=== Begin Enclosure ===
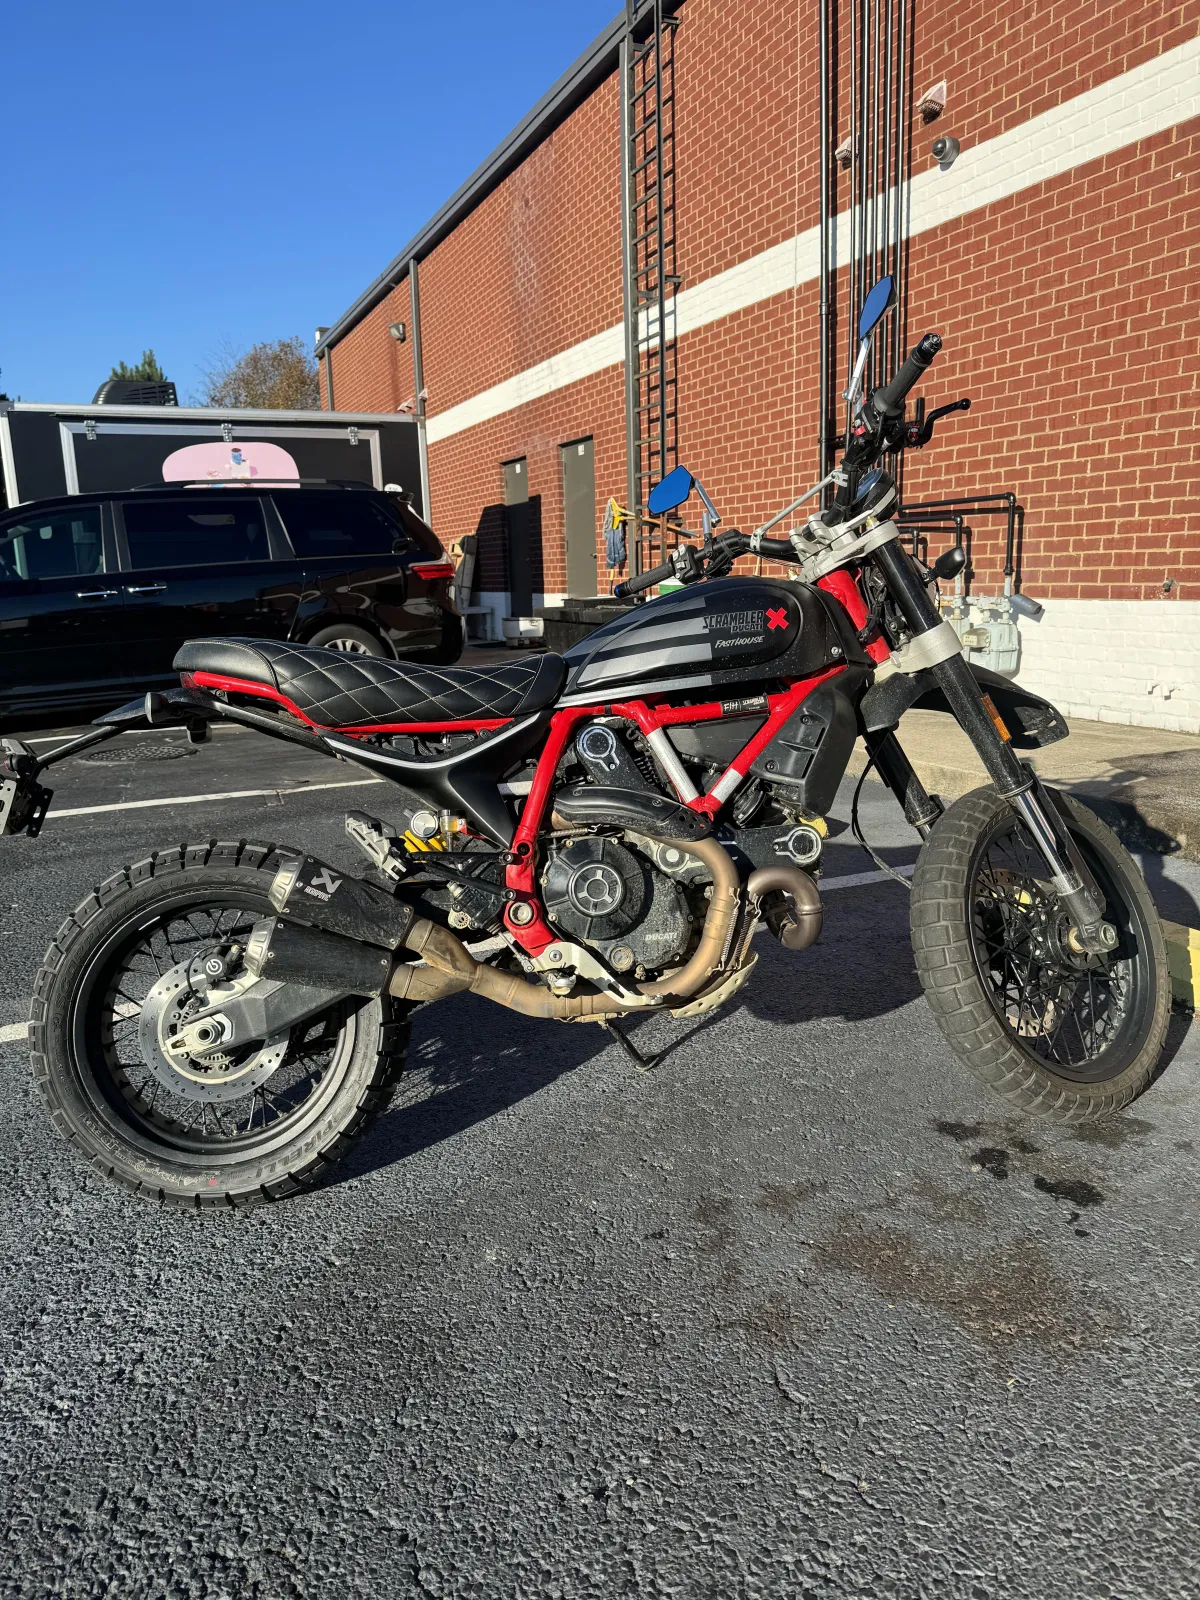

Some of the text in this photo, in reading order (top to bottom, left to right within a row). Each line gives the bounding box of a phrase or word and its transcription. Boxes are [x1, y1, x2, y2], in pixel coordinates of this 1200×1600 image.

[703, 610, 764, 629] SCRAMBLER
[731, 623, 763, 632] DUCATI
[715, 635, 765, 649] FASTHOUSE
[645, 932, 678, 941] DUCATI
[254, 1113, 337, 1179] PIRELLI
=== End Enclosure ===
(PROBLEM TO WORK ON) Your copy of the entries above must be exact and must not include pictures.

(EXPECTED ANSWER)
Some of the text in this photo, in reading order (top to bottom, left to right within a row). Each line gives the bounding box of a phrase or word and its transcription. Boxes are [x1, y1, x2, y2], in pixel coordinates of this 1200×1600 image.

[703, 610, 764, 629] SCRAMBLER
[731, 623, 763, 632] DUCATI
[715, 635, 765, 649] FASTHOUSE
[645, 932, 678, 941] DUCATI
[254, 1113, 337, 1179] PIRELLI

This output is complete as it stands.